Mi piace immaginare che quella notte Saulieu, un borgo niente affatto pittoresco della Borgogna, fosse immersa nelle brume dell’autunno inoltrato. Non c’era mai un bel clima in quella stagione, i clienti scarseggiavano e anche un auvergnat come Bernard Loiseau poteva deprimersi a lungo andare, in attesa di un’estate che durava sempre troppo poco. Era aperto mattina e sera, sette giorni su sette, il suo ristorante: un indirizzo glorioso che aveva conosciuto la fama e la gloria delle tre stelle e che lui, con il suo maniacale lavoro, con la sua propensione "mediatique", con il genio ed il sudore, era riuscito a riportare da zero a tre stelle.
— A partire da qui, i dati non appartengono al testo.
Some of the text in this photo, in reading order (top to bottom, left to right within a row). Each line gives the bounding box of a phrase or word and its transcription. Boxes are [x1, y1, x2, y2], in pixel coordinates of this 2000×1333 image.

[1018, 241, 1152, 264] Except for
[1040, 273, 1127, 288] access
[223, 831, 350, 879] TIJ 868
Ma Loiseau non dormiva sugli allori. Nessuno dovrebbe: le stelle si guadagnano e si perdono. E poi a lui non bastava essere al top. Voleva essere il top, il primo, il piu’ grande.
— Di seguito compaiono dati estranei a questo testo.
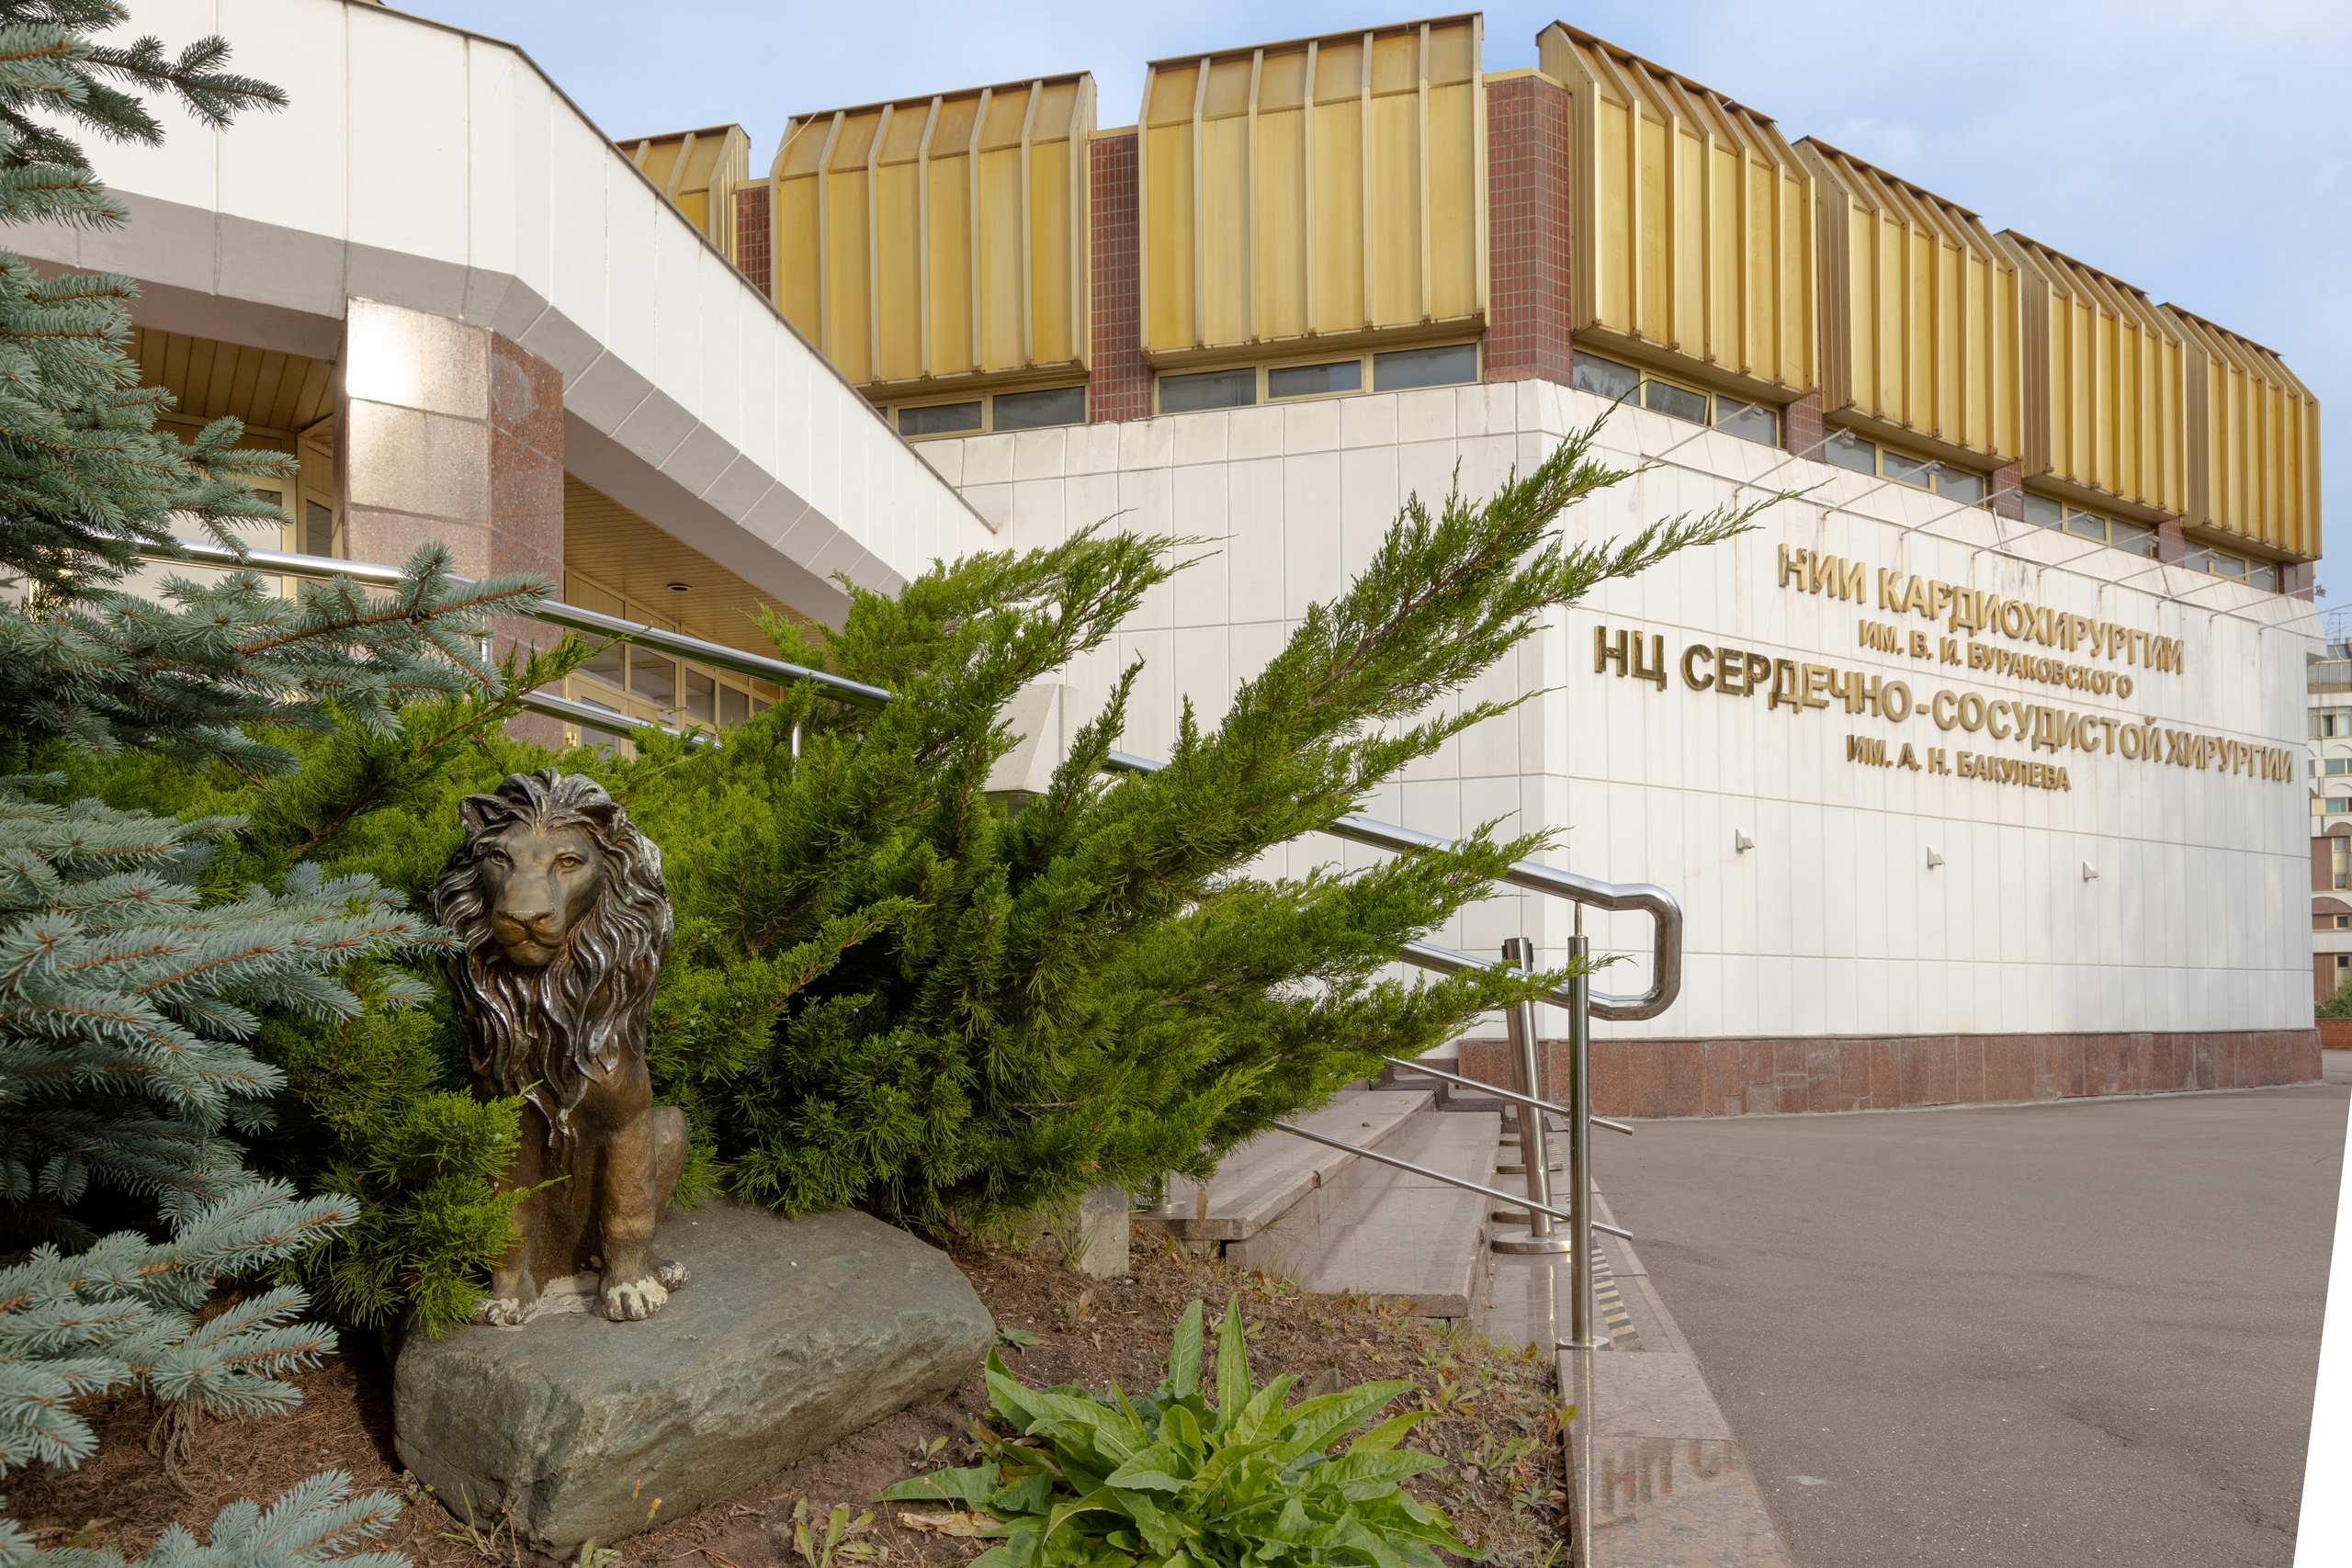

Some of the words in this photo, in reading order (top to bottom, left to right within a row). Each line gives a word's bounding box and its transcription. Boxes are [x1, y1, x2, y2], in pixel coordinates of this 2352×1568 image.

[1778, 543, 1867, 604] НИИ
[1878, 567, 2184, 675] КАРДИОХИРУРГИИ
[1859, 618, 1905, 654] ИМ.
[1909, 629, 1934, 660] В.
[1939, 636, 1963, 666] И.
[1967, 641, 2133, 699] БУРАКОВСКОГО
[1594, 625, 1668, 692] НЦ
[1680, 643, 2163, 762] СЕРДЕЧНО-СОСУДИСТОЙ
[2165, 728, 2295, 783] ХИРУРГИИ
[1847, 734, 1894, 768] ИМ.
[1897, 742, 1923, 771] А.
[1928, 747, 1952, 775] Н.
[1957, 750, 2073, 792] БАКУЛЕВА
Rudolph Chelminski, un giornalista americano che vive a Parigi da piu’ di trent’anni, ha dedicato un libro alla storia di Loiseau. Una storia che finisce tragicamente. Con un suicidio. Un suicidio inconcepibile probabilmente per tanti telespettatori francesi - la TV ne parlo’ per giorni nel febbraio del 2003, mentre impreversava la crisi tra Stati Uniti e Iraq che sarebbe sfociata nella guerra - ma che leggendo il libro appare quasi l’inevitabile conseguenza della follia del cuoco che voleva essere il numero uno. "Il perfezionista", cosi’ si intitola il bellissimo saggio di Chelminski, è la storia di un’ossessione, della ricerca della perfezione, della maniacale cura dei particolari, dell’invincibile impulso a controllare e a dirigere tutto, come uno chef d’orchestre, un direttore d’orchestra che vorrebbe dirigere anche il suo pubblico.
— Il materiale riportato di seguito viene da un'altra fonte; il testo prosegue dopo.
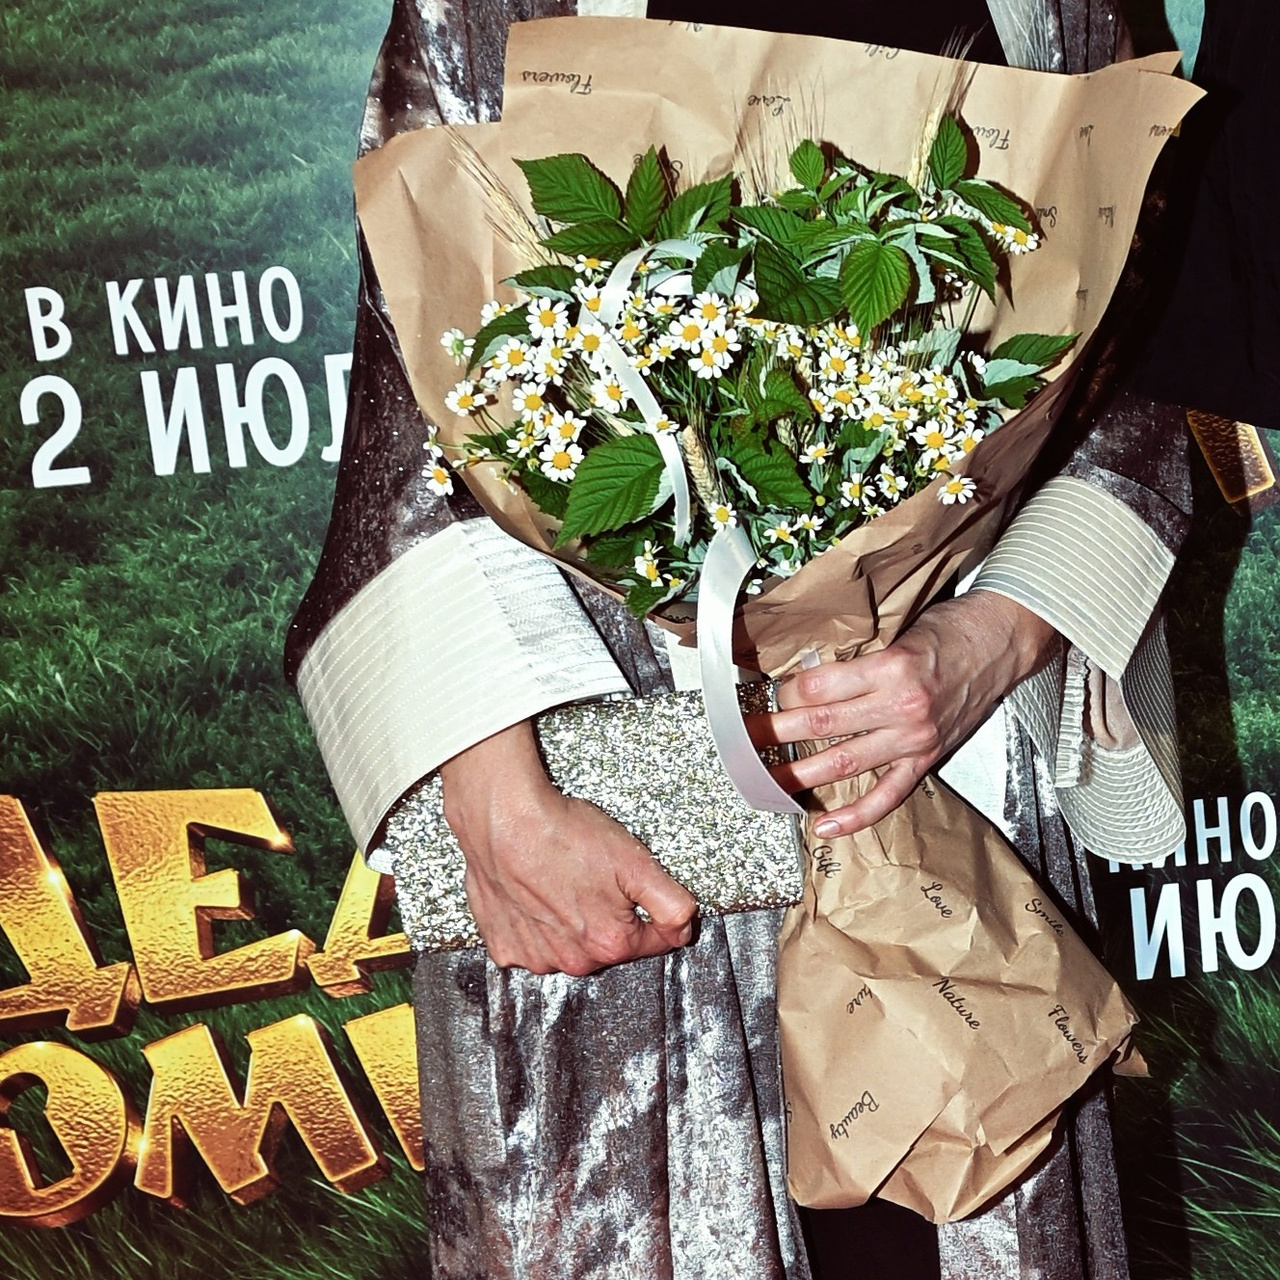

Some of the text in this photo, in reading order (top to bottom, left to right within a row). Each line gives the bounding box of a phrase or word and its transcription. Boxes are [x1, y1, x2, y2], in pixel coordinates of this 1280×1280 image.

[520, 69, 593, 95] Flowers
[24, 266, 303, 362] В КИНО
[19, 353, 353, 489] 2 ИЮЛ
[812, 845, 842, 879] Gift
[920, 881, 952, 919] Love
[1024, 897, 1066, 938] Smile
[932, 977, 981, 1030] Nature
[1047, 1003, 1089, 1065] Flowers
[829, 1089, 880, 1141] Beauty
Sfilano tanti testimoni nel libro. Uno di questi parla di "musica in bocca" e ricorda bene Loiseau rimproverare un cliente amico perche’ stava parlando troppo ("Mangia!" gli disse). Tutto doveva essere "tre stelle", alla Cote d’Or, anche il pavimento e i rubinetti in bagno. Ma quella che per tanti professionisti e’ una costante e inesauribile ricerca dell’eccellenza, per Loiseau, probabilmente affetto da depressione bipolare, era fonte di angoscia e di tormento. La paura di non farcela, di non riuscire a diventare il numero uno al mondo. E cosi’, una retrocessione nel punteggio della Gault Millau fu la classica goccia che fece traboccare il vaso e lo porto’ al tragico gesto. Non si creda pero’ che la lettura del libro sia angosciante, anche se non si puo’ non provare simpatia, proprio nel senso etimologico del termine, e quindi non si puo’ non soffrire per questo straordinario personaggio, questo giovanottone dal sorriso contagioso che ha mandato in estasi legioni di gourmet di tutto il mondo. Sette giorni su sette. Mattina e sera. 364 giorni su 365.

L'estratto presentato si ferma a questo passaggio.